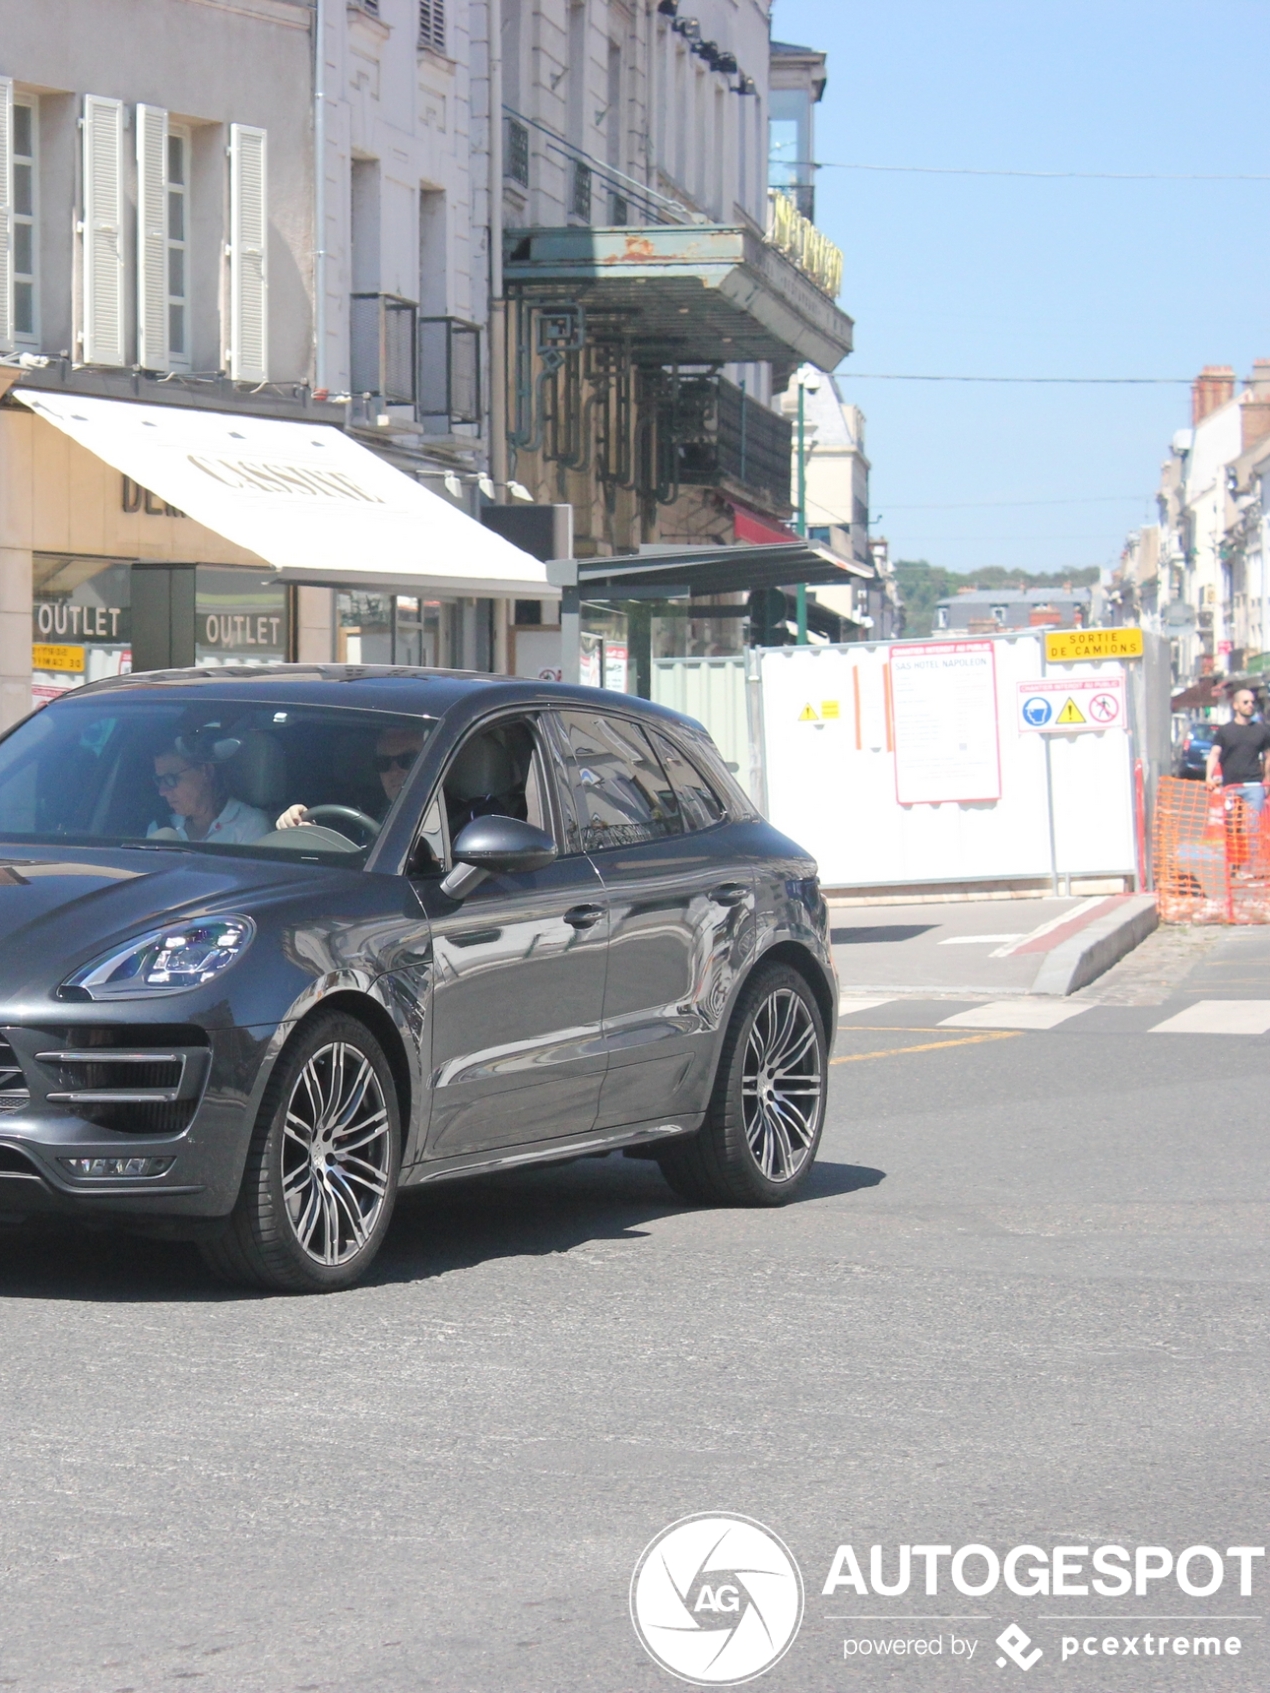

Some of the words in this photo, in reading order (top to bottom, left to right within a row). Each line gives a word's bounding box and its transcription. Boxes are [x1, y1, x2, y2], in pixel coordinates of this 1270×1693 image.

[187, 455, 386, 504] CASSINE
[38, 604, 121, 637] OUTLET
[205, 613, 280, 645] OUTLET
[1069, 632, 1118, 644] SORTIE
[1051, 647, 1067, 657] DE
[1075, 643, 1137, 656] CAMIONS
[895, 662, 912, 671] SAS
[914, 660, 939, 670] HOTEL
[942, 658, 987, 668] NAPOLEON

--------------------

> **What you should do**: Once the pictures are set aside, give the rest of the material again unchanged.

> **Output**:
Some of the words in this photo, in reading order (top to bottom, left to right within a row). Each line gives a word's bounding box and its transcription. Boxes are [x1, y1, x2, y2], in pixel coordinates of this 1270×1693 image.

[187, 455, 386, 504] CASSINE
[38, 604, 121, 637] OUTLET
[205, 613, 280, 645] OUTLET
[1069, 632, 1118, 644] SORTIE
[1051, 647, 1067, 657] DE
[1075, 643, 1137, 656] CAMIONS
[895, 662, 912, 671] SAS
[914, 660, 939, 670] HOTEL
[942, 658, 987, 668] NAPOLEON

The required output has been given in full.